Baked Parmesan Tomatoes

Parmesan Tomatoes
  • 2-3 large, ripe, firm tomatoes, or 6-8 Roma tomatoes
  • 1/2 cup real mayonnaise
  • 1/2 cup grated (not shredded) parmesan
  • 2 Tbs roasted garlic, crushed into a paste (optional)
  • Panko (optional - see note)
  • 3 large or 6-7 small basil leaves
  • Black pepper, Red Pepper flakes (optional)
  1. Preheat the oven to 375 degrees.  Line a baking sheet with foil.  
  2. If using large tomatoes, slice each crosswise (parallel with the stem end) into 1/2-inch-thick slices.  If using Roma tomatoes, split each lengthwise through the stem end.  
  3. Arrange the tomato slices or split tomatoes on the baking sheet.  They should not be touching.  
  4. Slice the basil leaves thinly into strips.
  5. Crush the roasted garlic cloves, if using, into a paste.  
  6. Mix the mayonnaise, Parmesan, roasted garlic and basil until thoroughly combined.  

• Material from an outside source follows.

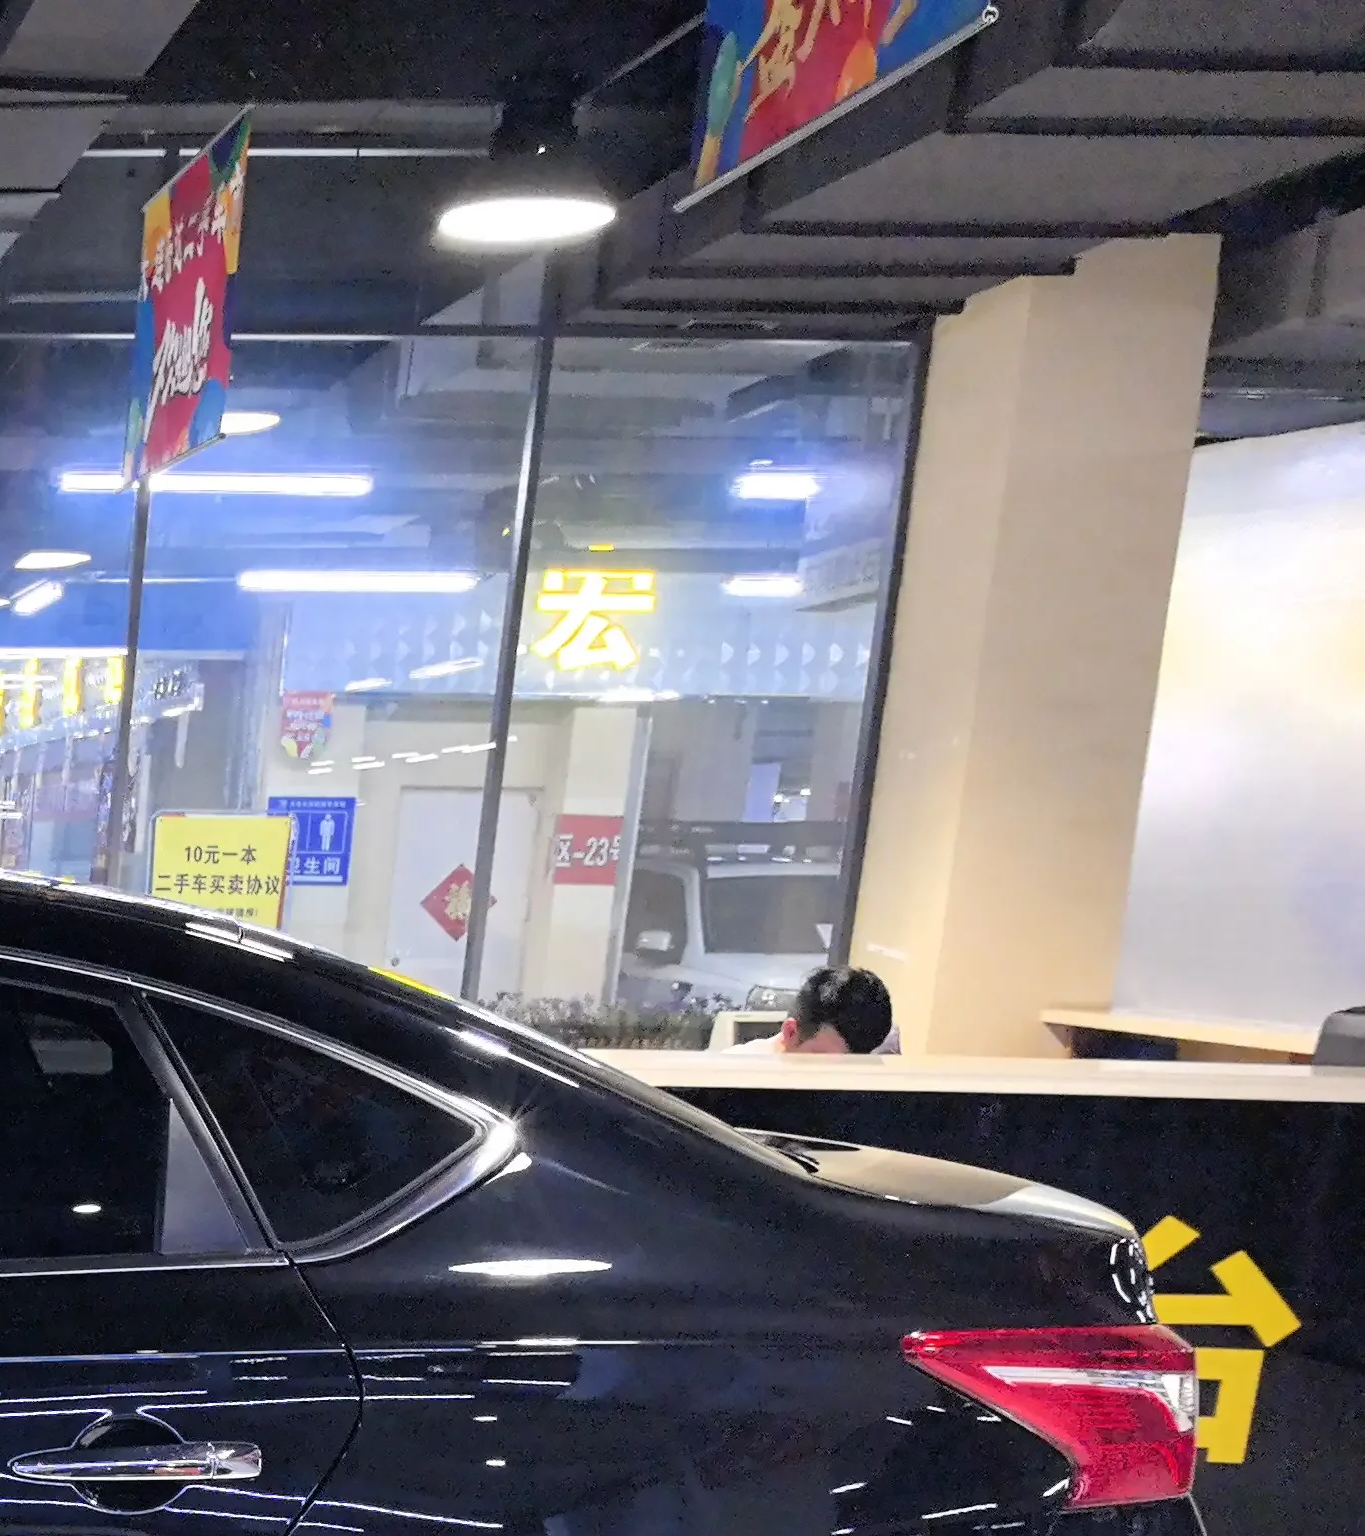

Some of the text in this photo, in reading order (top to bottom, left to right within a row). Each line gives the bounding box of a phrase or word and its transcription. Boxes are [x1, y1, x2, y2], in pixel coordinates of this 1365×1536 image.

[184, 844, 258, 866] 10元一本
[154, 873, 281, 896] 二手车买卖协议

  7. Scoop a heaping tablespoon of the cheese mixture onto the center of each tomato slice or half.  Use all of the mixture.  
  8. Smooth the cheese mixture slightly, leaving some "peaks" (they will brown more quickly and look pretty..). The mixture will cover the center of the tomato slice, not the entire surface.  I left about a 1/2 inch wide ring of unadorned tomato around the edge.  
  9. Sprinkle each tomato with black pepper and, if using, red pepper flakes.  
  10. Bake for 15-18 minutes, until the topping is slightly puffed (may not be noticeable) and browned.  
  11. Serve!  
For low-carb aficionados, this recipe is great.  Also great to add panko to the top of the tomatoes before baking.  

Note: You may prefer broiling the tomatoes briefly, rather than baking.  Baking will give a juicier and softer tomato (so good on a BLT!), and broiling will be firmer.